[Feauture] Confidence interval bands + errorbars by icweaver · Pull Request #710 · MakieOrg/AlgebraOfGraphics.jl

icweaver · 2025-12-07T20:28:06Z

Howdy, GLM.jl has this in the works. After some discussion on slack, it sounded like this would be a good thing to fold into AoG ~~if it's ever merged. Will keep this as a draft for now.~~ It's now in!

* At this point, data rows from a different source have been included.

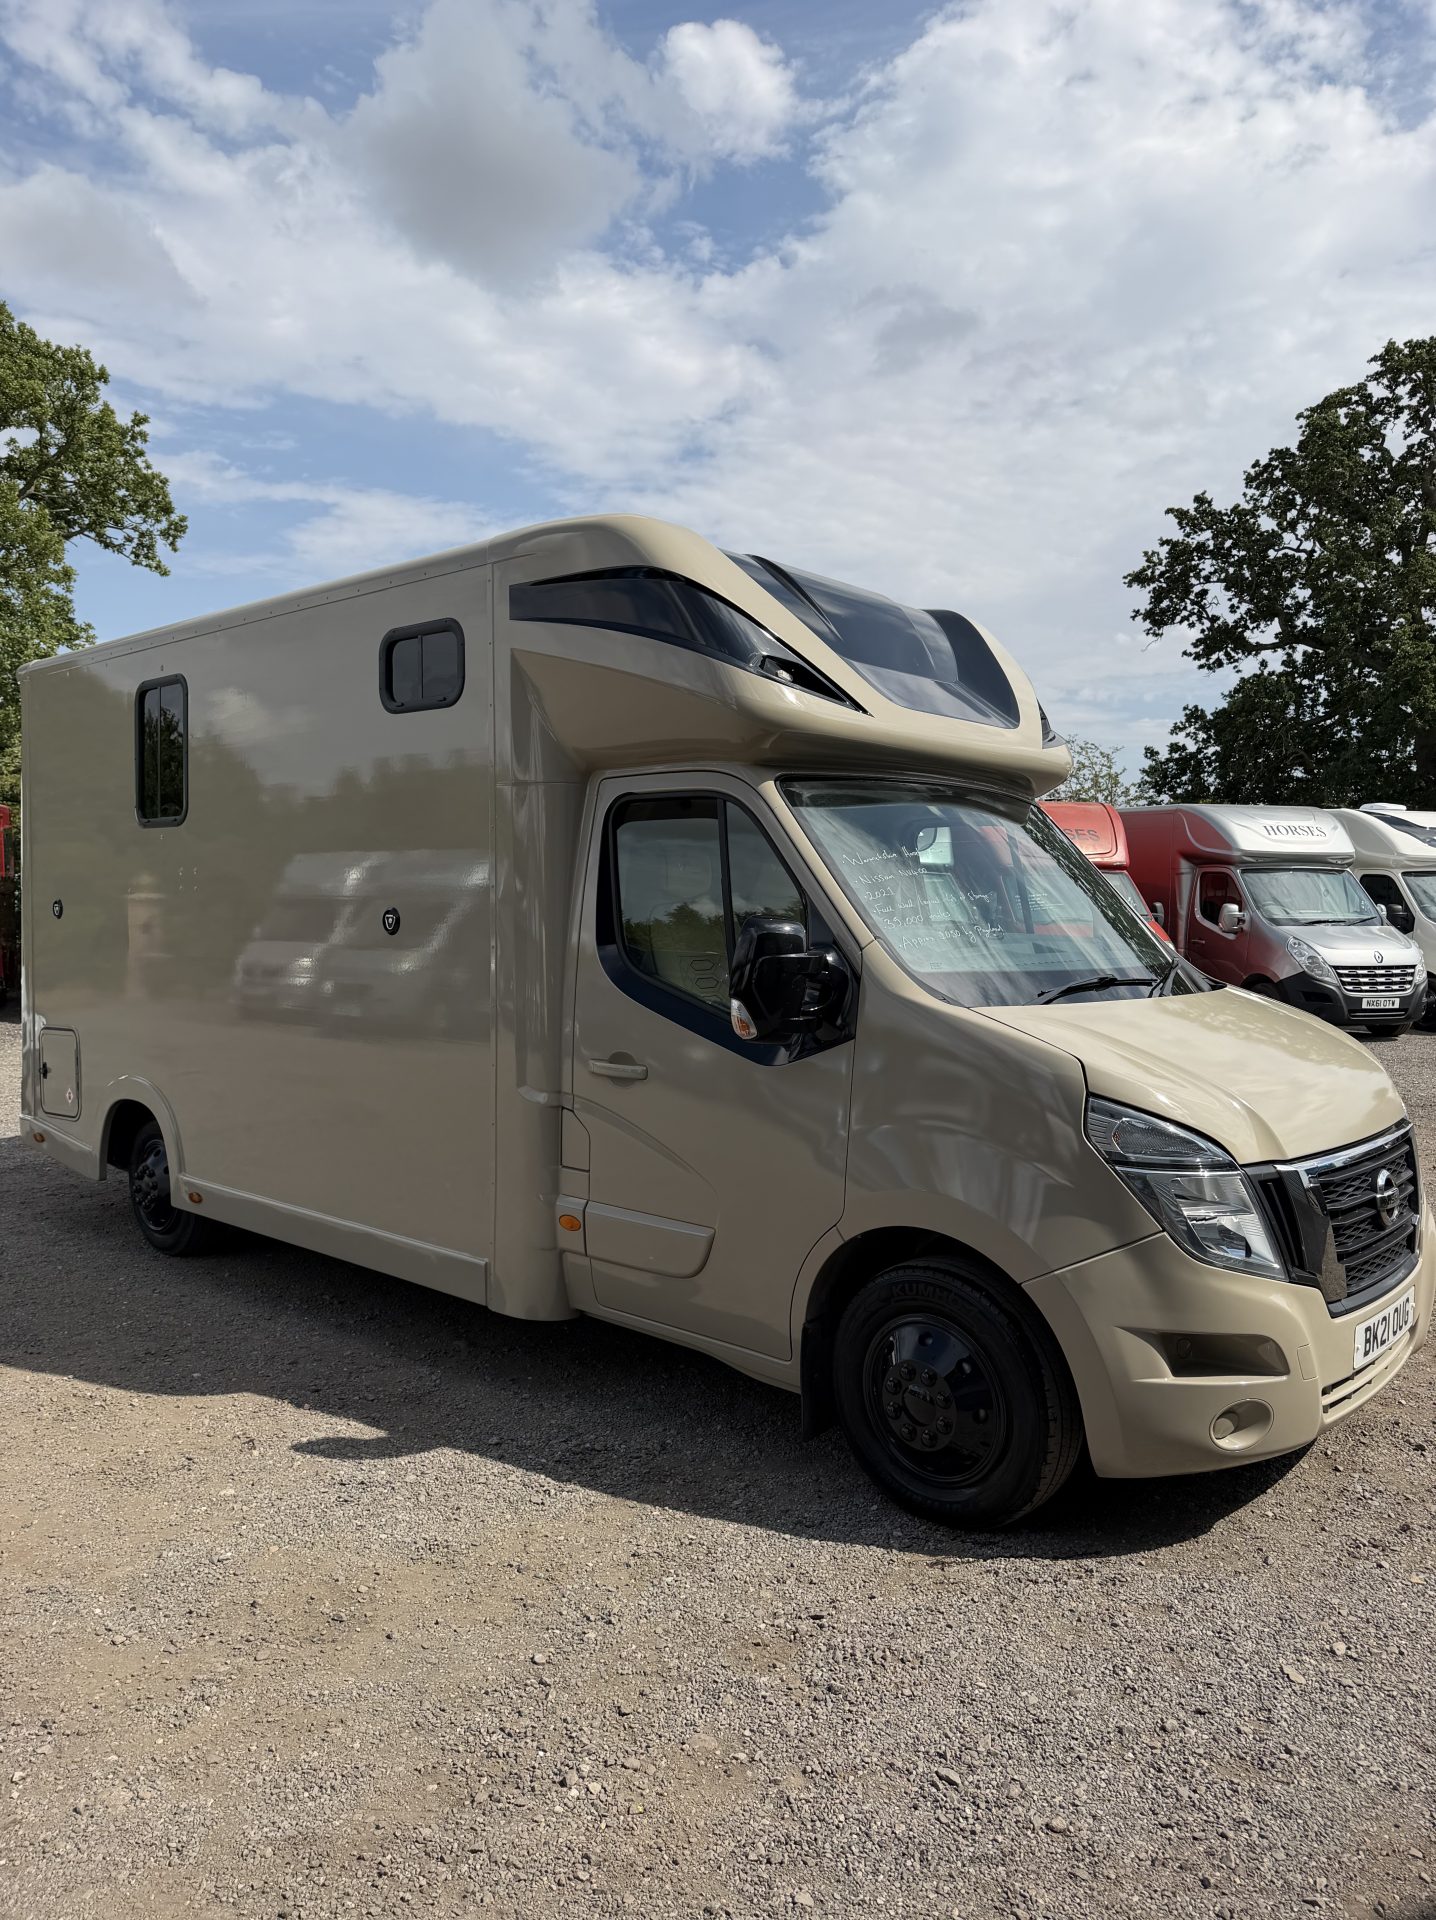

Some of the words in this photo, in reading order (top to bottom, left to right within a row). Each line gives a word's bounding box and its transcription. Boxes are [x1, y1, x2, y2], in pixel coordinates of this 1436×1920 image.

[1063, 828, 1101, 841] SES
[1263, 825, 1327, 837] HORSES
[866, 886, 894, 901] 2021
[1366, 999, 1381, 1007] NX61
[1363, 1312, 1390, 1357] BK21
[1392, 1296, 1410, 1337] OUG
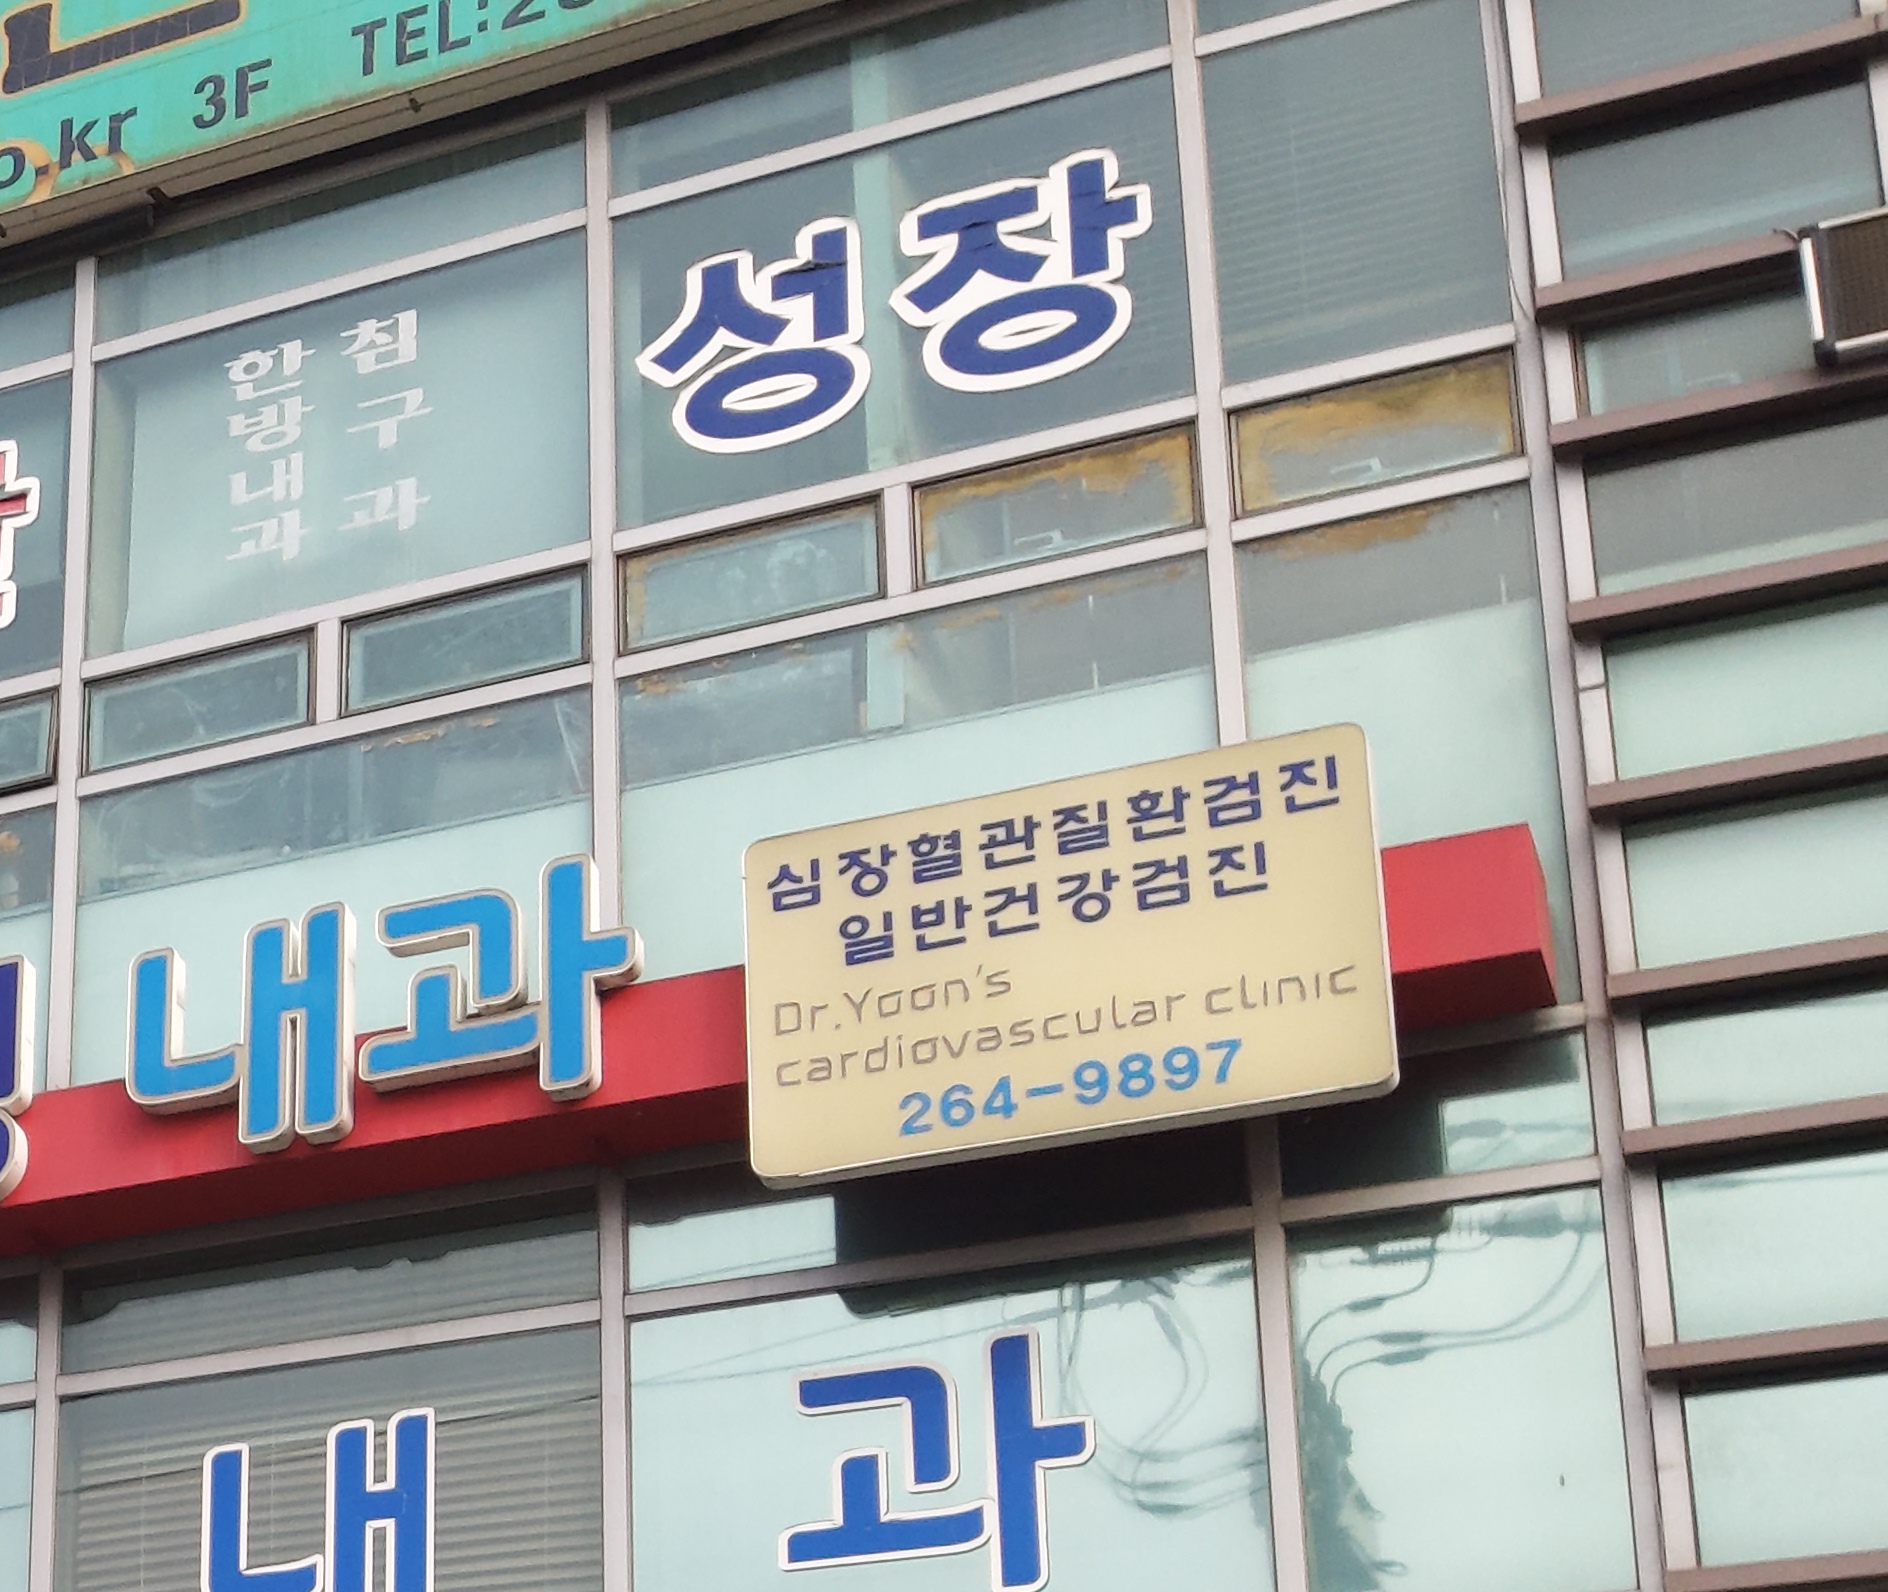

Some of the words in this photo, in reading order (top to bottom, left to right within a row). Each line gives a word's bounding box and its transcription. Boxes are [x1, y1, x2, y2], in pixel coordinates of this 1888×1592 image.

[191, 58, 273, 131] 3F
[634, 147, 1154, 455] 성장
[767, 754, 1344, 913] 심장혈관질환검진
[838, 840, 1271, 968] 일반건강검진
[126, 850, 644, 1154] 내과
[773, 964, 1013, 1038] Dr.Yoon's
[776, 988, 1185, 1088] cardiovascular
[1204, 962, 1358, 1017] clinic
[897, 1037, 1244, 1139] 264-9897

Depends on JuliaStats/GLM.jl#631

If weights are passed, uses GLM.glm instead of GLM.lm to provide confidence interval support. JuliaStats/GLM.jl#495. The following keywords are now provided to linear:

weighttype = :fweights: Thin wrapper around StatsBase.AbstractWeights, e.g., weighttype = :aweights will treat weights as analytic weights, :pweights as probability weights, etc. Design note: AoG strips array wrappers at the layer processing level, which is why this keyword harness is used further down the pipeline instead of attempting to wrap mapping(; weights) directly at the user API level
distr = GLM.Normal(): Distribution passed to GLM.glm.
link = GLM.canonicallink(distr): Link function passed to GLM.glm. Defaults to GLM.IdentityLink().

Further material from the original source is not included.